Lambda functions are basically stateless. However, states can be passed from one execution to the next execution via time windows and thus, for example, sums or averages can be calculated. At the end of the time window, it is possible to calculate a result from the state, on which a configurable action can then be executed.

If an error occurs within the AWS Lambda function, the batch is redelivered in its entirety by default. This is regardless of whether part of the batch has already been successfully processed: Duplicates are the result.

Three major factors play a role in error handling:

  • the configurable maximum age of records,
  • the configurable number of retries,
  • and the retention time of the shard.

When one of these cases occurs, the records (i.e. the complete batch) are discarded and the subsequent records combined as a batch are delivered. During the period in which the faulty (micro) batch is repeatedly passed to the Lambda function, all subsequent batches of the shard, or of the “mini-shard” created by Lambda (with a parallelization factor greater than 1), are not processed further in order to preserve the sequence. Depending on the setting, a permanent failure can thus lead to a delay in the processing of the remaining batches of up to one week.

There is also another aspect to consider: if the subsequent data sets were generated at about the same time as those of the faulty batch, they will correspondingly also run at about the same time and thus not be processed. In the worst case, if the lambda function does not catch up in time, this can lead to a situation where successive individual records disappear from the stream before they have been processed. For this reason, it is extremely important to choose sensible values for the above settings and to configure a strategy for faulty records. Lambda offers the following possibilities to deal with such errors:

  • The faulty record can be reported back as return value of the Lambda function (see Listing 2).
  • An on-failure destination can be defined to which faulty records are delivered after reaching the maximum retries (e.g. SQS or SNS).
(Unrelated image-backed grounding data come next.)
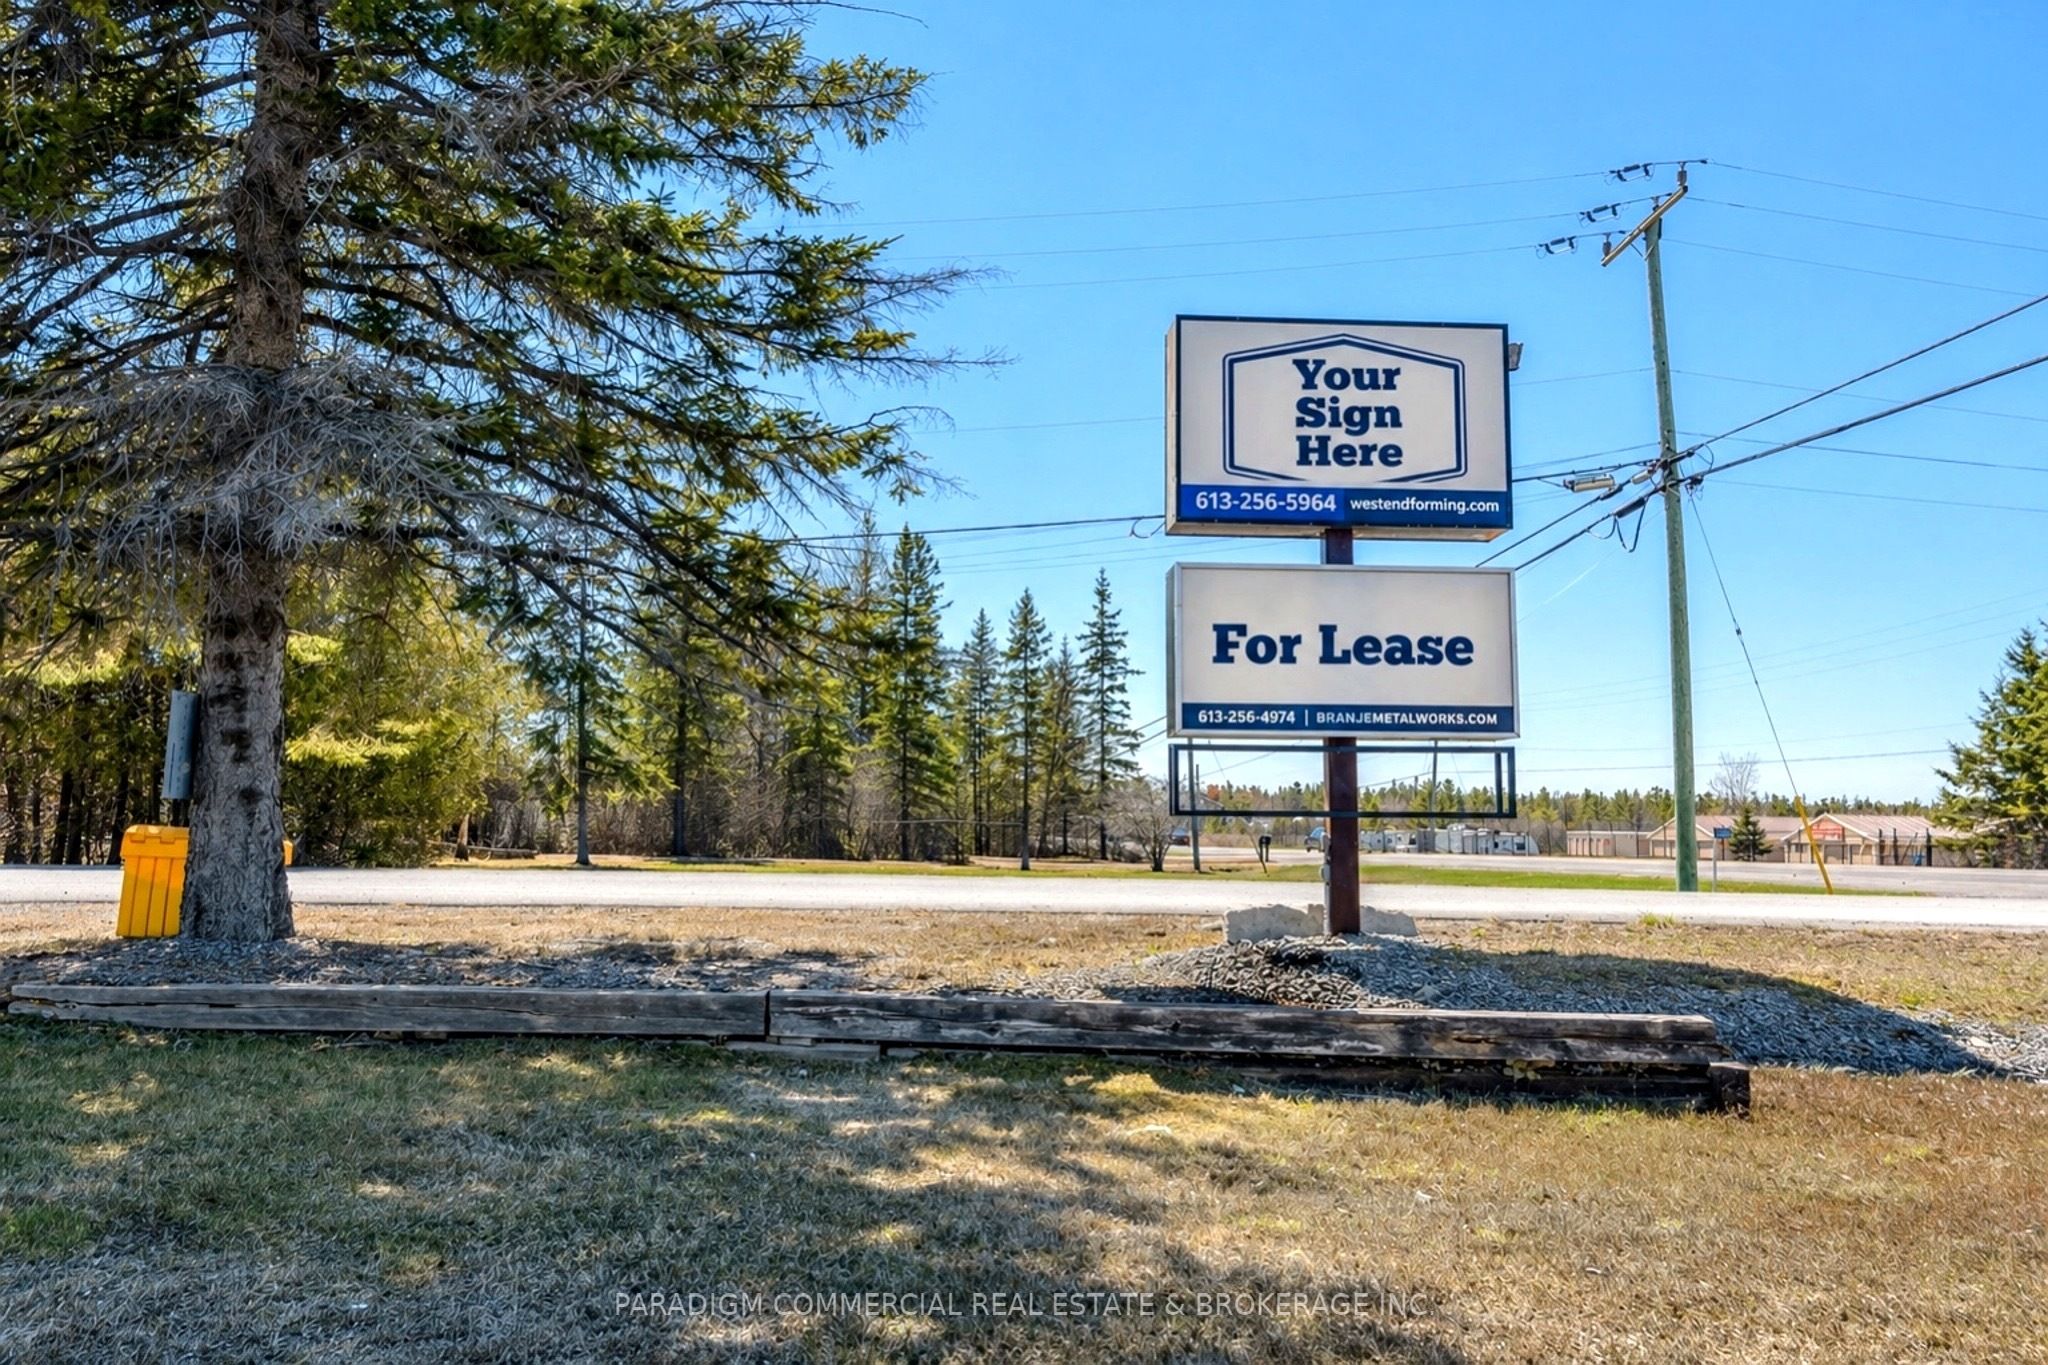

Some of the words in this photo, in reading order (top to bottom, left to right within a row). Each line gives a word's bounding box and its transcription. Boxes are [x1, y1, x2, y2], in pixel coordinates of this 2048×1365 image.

[1292, 358, 1401, 392] Your
[1296, 396, 1402, 436] Sign
[1296, 435, 1403, 467] Here
[1195, 491, 1337, 513] 613-256-5964
[1350, 496, 1499, 515] westendforming.com
[1212, 623, 1302, 665] For
[1319, 624, 1474, 666] Lease
[1198, 709, 1296, 725] 613-256-4974
[1316, 711, 1498, 726] BRANJEMETALWORKS.COM
If the Lambda function, as described in the first point, returns the faulty data set or its sequence number, the batch is split at this point and only the part starting with the faulty data set is transferred again.

Listing 2

{ 
  "batchItemFailures": [ 
        {
            "itemIdentifier": "<SequenceNo>"
        }
    ]
}

Consumption, the second: Kinesis Client Library

In addition to the ability to use AWS Lambda as a consumer for data streams, the Kinesis Client Library (KCL) is provided for building custom applications in the classic sense (for example, in a container environment). KCL is not just an abstraction layer over the AWS Kinesis API calls. For KCL to work, a worker (scheduler) is started within your own application. This takes care of automatic load balancing between multiple (distributed) consumer applications, provides mechanisms for error handling, and it flags records that have already been processed. The Kinesis Client Library uses AWS DynamoDB for storing leases. Workers and shards are linked via these reads. Metrics about the worker and consumers are also published to CloudWatch.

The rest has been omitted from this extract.